One of the goals of the Next Generation Internet (NGI) initiative is to connect universities and national labs with high-speed networks 100 to 1000 times faster than today's Internet. NGI is already being tested as a tool for real-time therapy evaluation

One of the goals of the Next Generation Internet (NGI) initiative is to connect universities and national labs with high-speed networks 100 to 1000 times faster than today's Internet. NGI is already being tested as a tool for real-time therapy evaluation for rare diseases.

Results of a John Hopkins study show that evaluation of therapies for adrenoleukodystrophy (ALD) can be improved by establishing a network for transmitting MRI data using NGI technologies.

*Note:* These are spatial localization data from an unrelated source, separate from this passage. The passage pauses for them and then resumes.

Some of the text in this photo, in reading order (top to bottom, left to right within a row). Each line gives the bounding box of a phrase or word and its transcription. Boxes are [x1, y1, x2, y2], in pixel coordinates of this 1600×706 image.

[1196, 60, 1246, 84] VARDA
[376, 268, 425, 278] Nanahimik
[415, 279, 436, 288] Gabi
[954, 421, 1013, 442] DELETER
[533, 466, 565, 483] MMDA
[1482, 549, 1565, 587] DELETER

Standard Internet results indicate that performance is affected by bandwidth limitation and constrained by network traffic, inhibiting standard Internet usage as a reliable real-time therapy evaluation tool.

An ALD-MRI network, which uses the DICOM standard to move images between participating sites, accepts MRI images from one foreign and five domestic sites and stores them in a central clinical database located at the Kennedy Krieger Institute at Johns Hopkins University (KKI-JHU), where several ALD-trained physicians have immediate remote access to the images via a secure Internet connection.

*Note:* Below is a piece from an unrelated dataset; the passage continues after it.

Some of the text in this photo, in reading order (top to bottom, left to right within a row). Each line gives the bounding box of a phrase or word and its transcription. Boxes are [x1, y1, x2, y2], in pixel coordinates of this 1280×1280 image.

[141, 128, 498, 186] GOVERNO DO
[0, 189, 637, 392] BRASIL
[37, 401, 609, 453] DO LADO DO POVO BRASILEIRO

ALD, a rare disease appearing in small numbers at any one institution, often forces patients to travel long distances to have MRI exams done and wait for days or weeks for the results. The small number of ALD-trained physicians also results in MRI studies being mailed long distances for evaluation. Brain MRI permits early detection of nervous system damage and is a sensitive indicator of disease progression in individual patients.

"We have shown that the preliminary use of the NGI can reduce the transmission times of the MRI images dramatically," said Mary Lou Ingeholm, systems manager at Georgetown University's Imaging Science and Information Systems Center, the network integrator on the project. "The use of the Internet may be acceptable for a store-and-forward application where all studies can be preloaded onto a workstation, but it doesn't address the need for fast review and the real-time request of previous studies."

The ALD-trained physician needs the faster performance of the NGI to effectively use the clinical multicenter database for therapy evaluation, Ingeholm said.

The NGI allows the physician to review the MRI exam while the patient is still at the imaging site, as well as to request previous studies from the archive while reviewing the latest exam.

"It's very important for us to diagnose early cerebral involvement," said Dr. Florian Eichler, a neurology fellow at Kennedy. "The only known therapy that can halt cerebral involvement is bone marrow transplantation, which is performed at the University of Minnesota. We've established the Internet 2 connection to Minnesota so patients who get transplanted there can have rapid evaluation before the transplant through this connection that transmits these MRI images."

Bone marrow transplantation has a mortality rate of about 20%, Eichler said, so it's essential to transplant only patients diagnosed with cerebral progression.